▸ Exercise materials:
------------------------------------------------------------
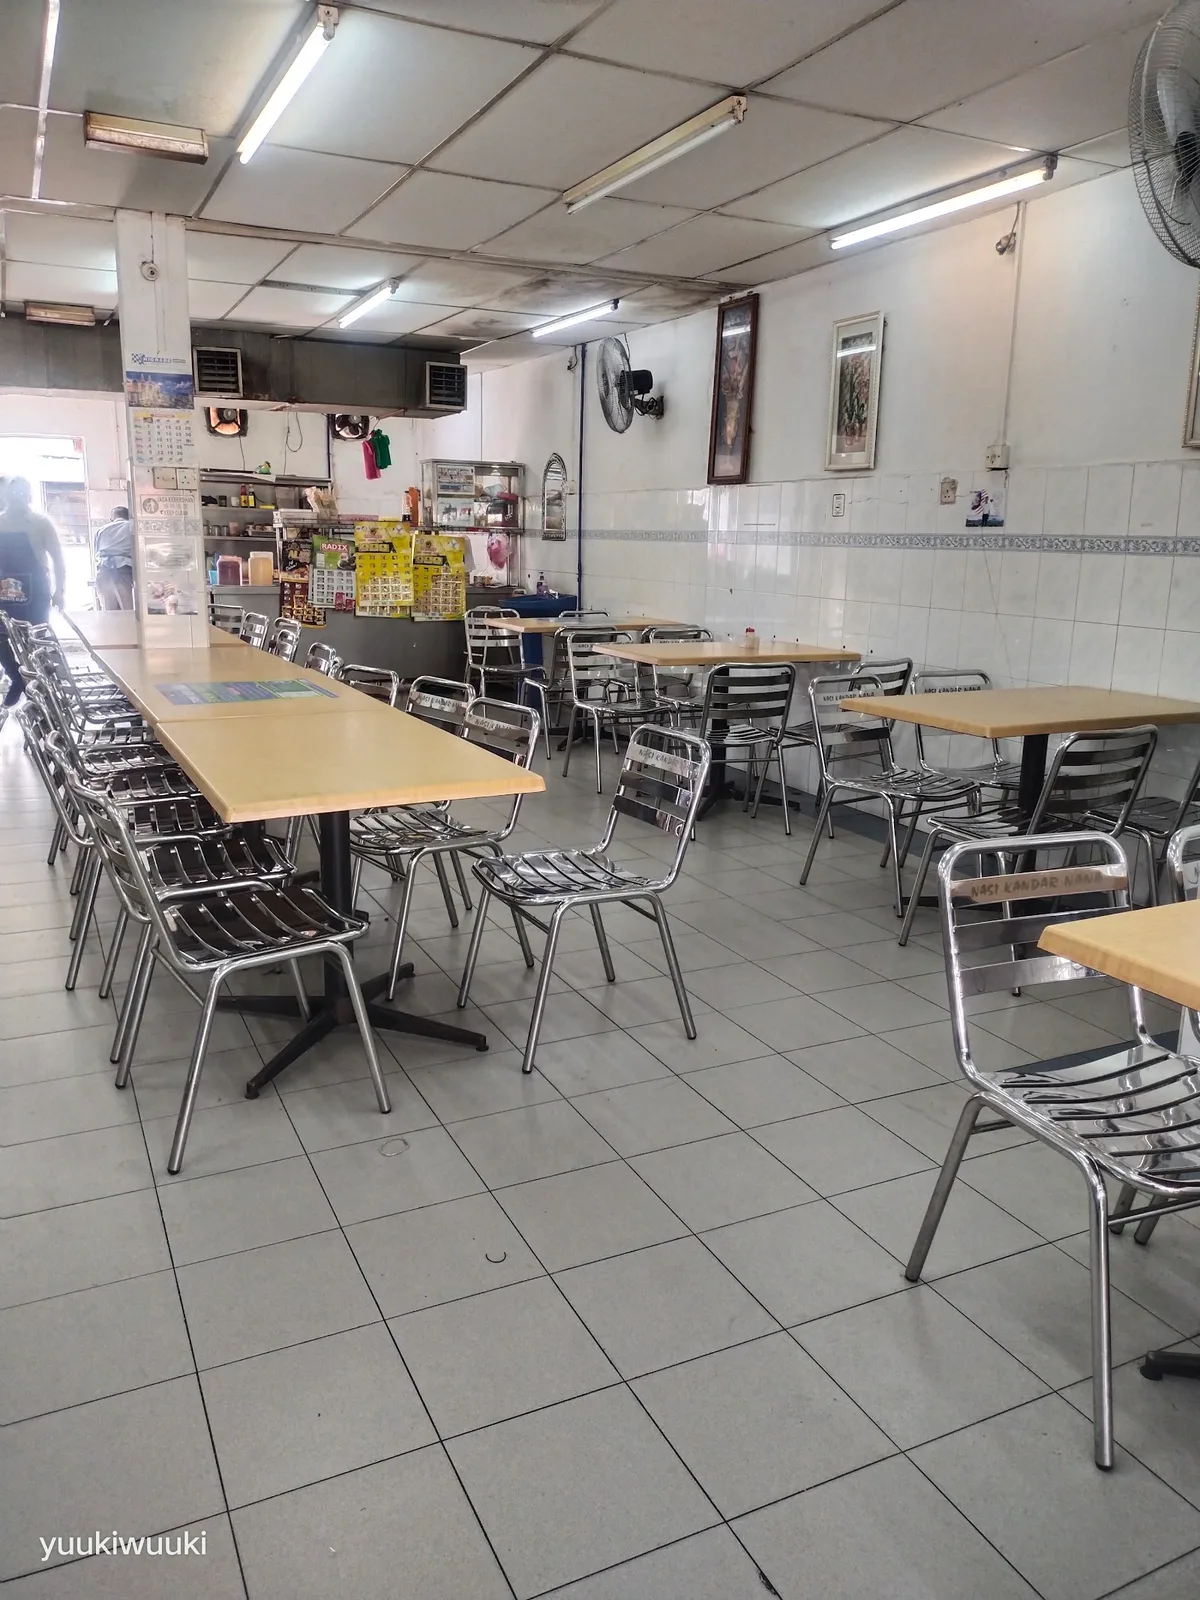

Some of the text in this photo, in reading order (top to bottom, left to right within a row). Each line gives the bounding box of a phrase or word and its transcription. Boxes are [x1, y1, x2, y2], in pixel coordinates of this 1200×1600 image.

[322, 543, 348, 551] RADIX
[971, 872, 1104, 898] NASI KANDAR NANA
------------------------------------------------------------
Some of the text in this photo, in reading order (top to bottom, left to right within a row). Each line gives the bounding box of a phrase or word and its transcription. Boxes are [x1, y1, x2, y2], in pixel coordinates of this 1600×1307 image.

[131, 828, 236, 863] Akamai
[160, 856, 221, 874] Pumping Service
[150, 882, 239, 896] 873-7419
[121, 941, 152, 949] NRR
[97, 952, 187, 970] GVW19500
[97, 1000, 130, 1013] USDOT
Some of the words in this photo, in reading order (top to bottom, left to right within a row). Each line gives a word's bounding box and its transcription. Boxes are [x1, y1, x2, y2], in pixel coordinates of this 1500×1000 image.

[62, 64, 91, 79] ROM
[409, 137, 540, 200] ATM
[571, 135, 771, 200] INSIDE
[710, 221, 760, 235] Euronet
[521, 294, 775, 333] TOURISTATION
------------------------------------------------------------
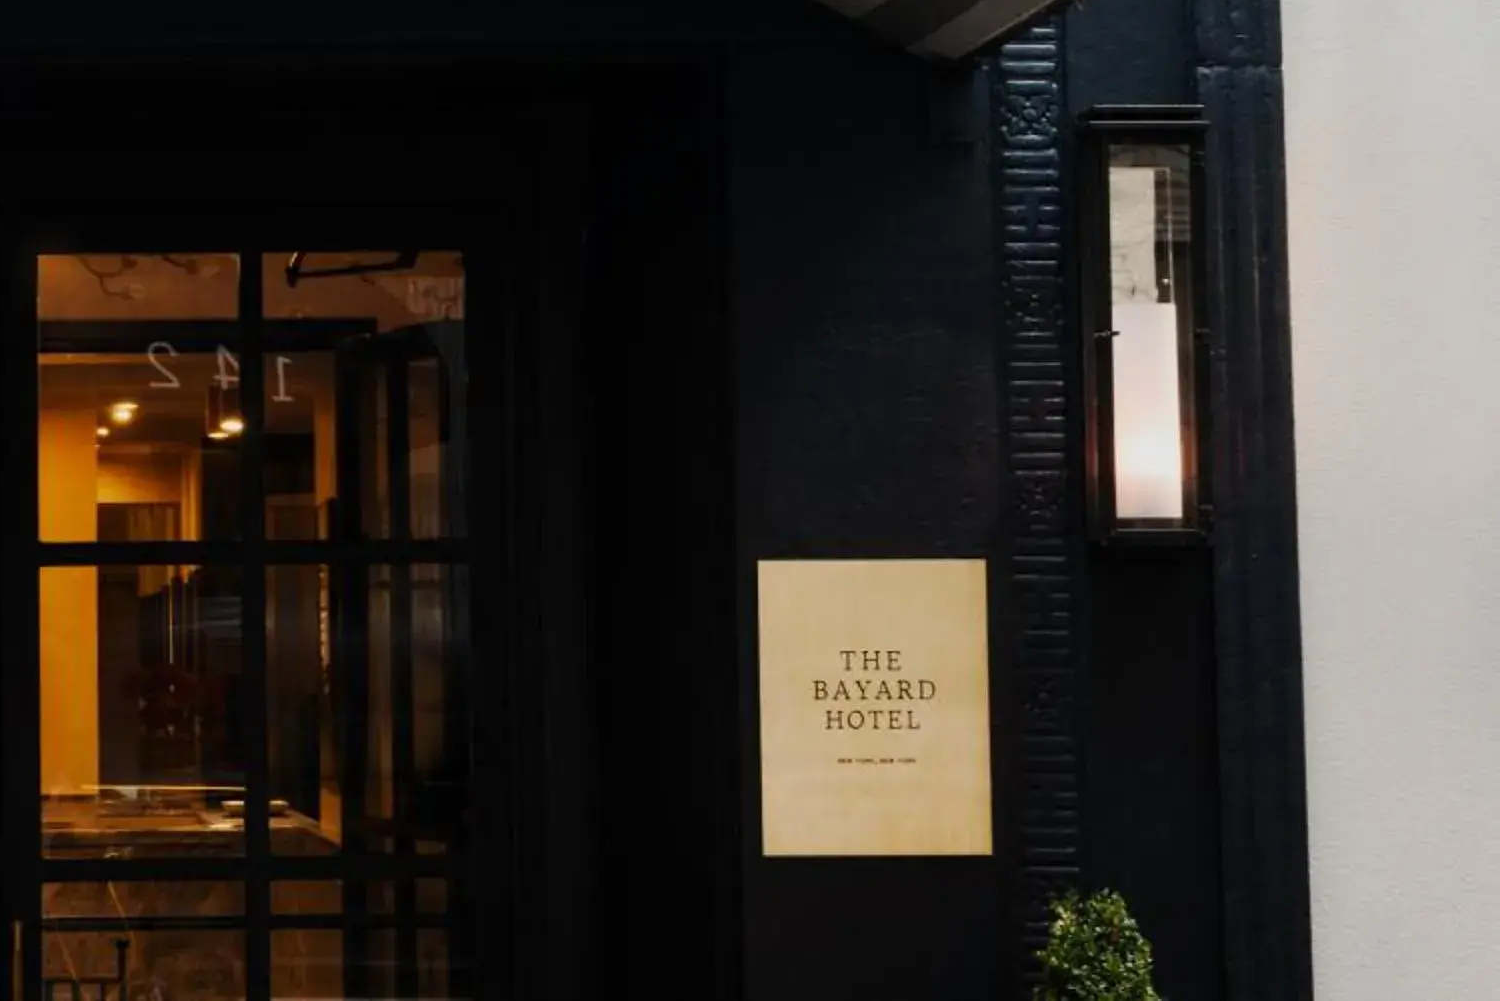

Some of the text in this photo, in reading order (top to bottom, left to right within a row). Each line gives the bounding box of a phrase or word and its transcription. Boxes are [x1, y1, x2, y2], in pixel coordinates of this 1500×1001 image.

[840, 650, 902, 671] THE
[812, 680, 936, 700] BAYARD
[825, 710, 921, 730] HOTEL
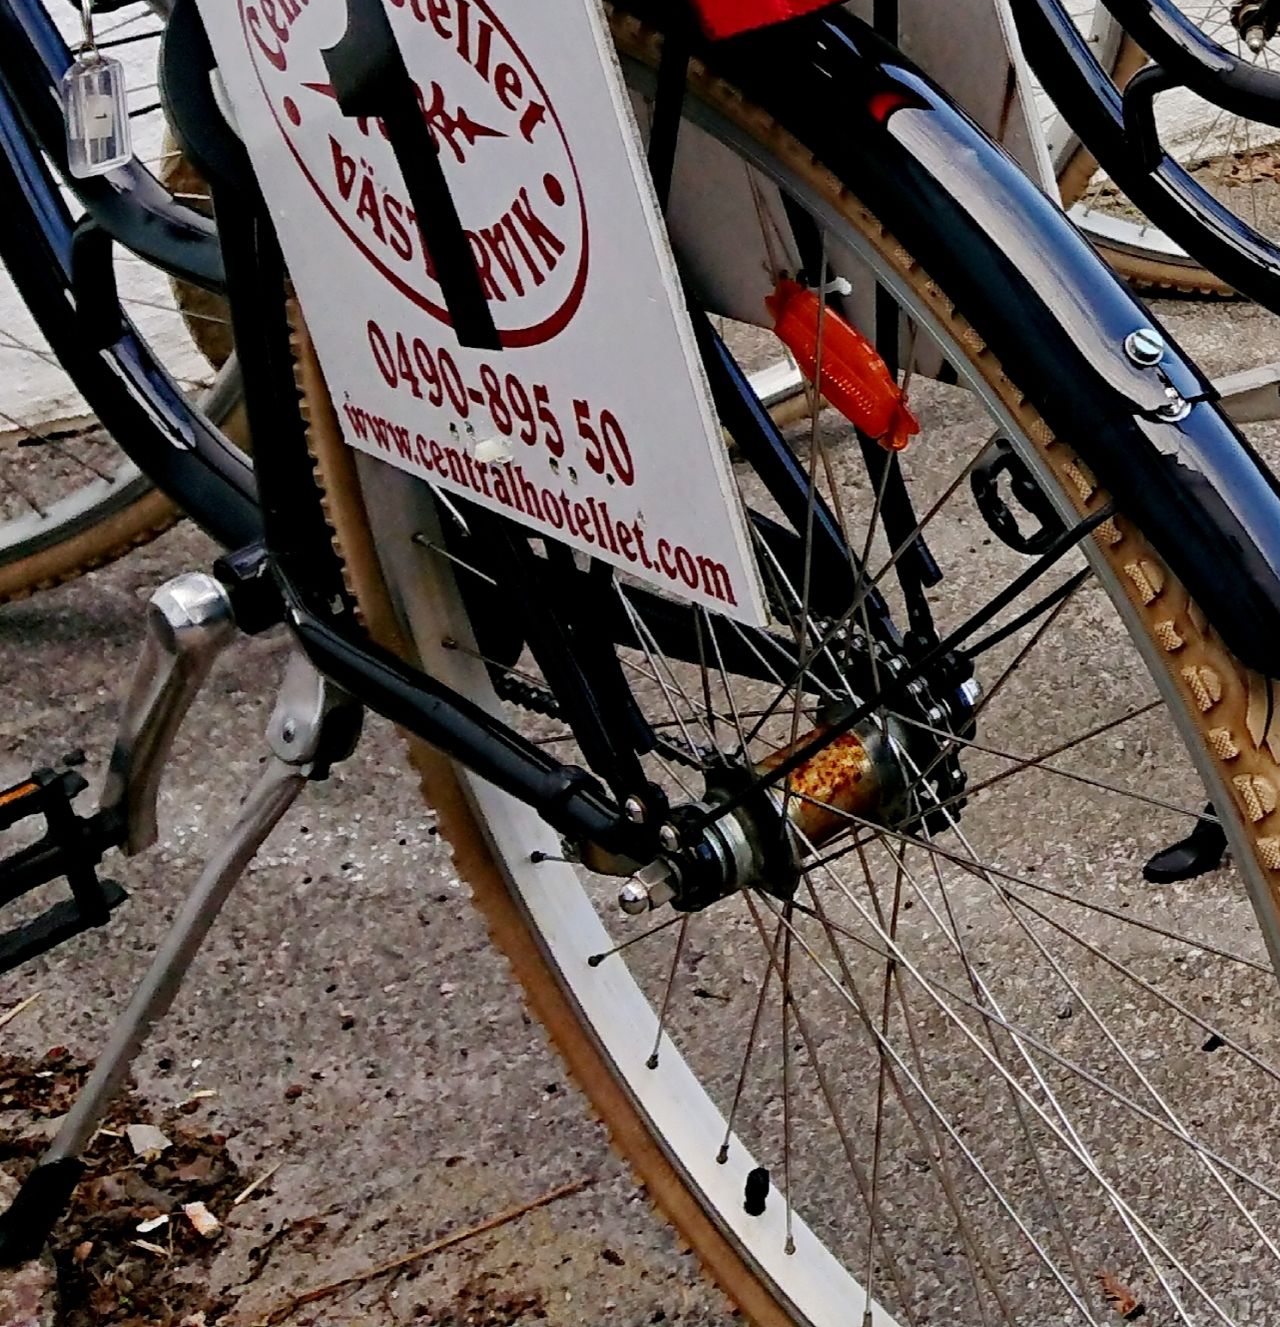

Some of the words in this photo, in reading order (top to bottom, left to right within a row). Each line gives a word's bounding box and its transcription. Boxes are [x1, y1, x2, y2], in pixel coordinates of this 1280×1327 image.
------------------------------------------------------------
▸ Exercise requirements: Reproduce the data above exactly, but only the lines from the one showing "this 1500×1001 image." through the one showing "this 1280×1327 image.", with both ends kept and the pictures left out.

▸ Solution to this problem:
Some of the text in this photo, in reading order (top to bottom, left to right within a row). Each line gives the bounding box of a phrase or word and its transcription. Boxes are [x1, y1, x2, y2], in pixel coordinates of this 1500×1001 image.

[840, 650, 902, 671] THE
[812, 680, 936, 700] BAYARD
[825, 710, 921, 730] HOTEL

Some of the words in this photo, in reading order (top to bottom, left to right within a row). Each line gives a word's bounding box and its transcription. Boxes are [x1, y1, x2, y2], in pixel coordinates of this 1280×1327 image.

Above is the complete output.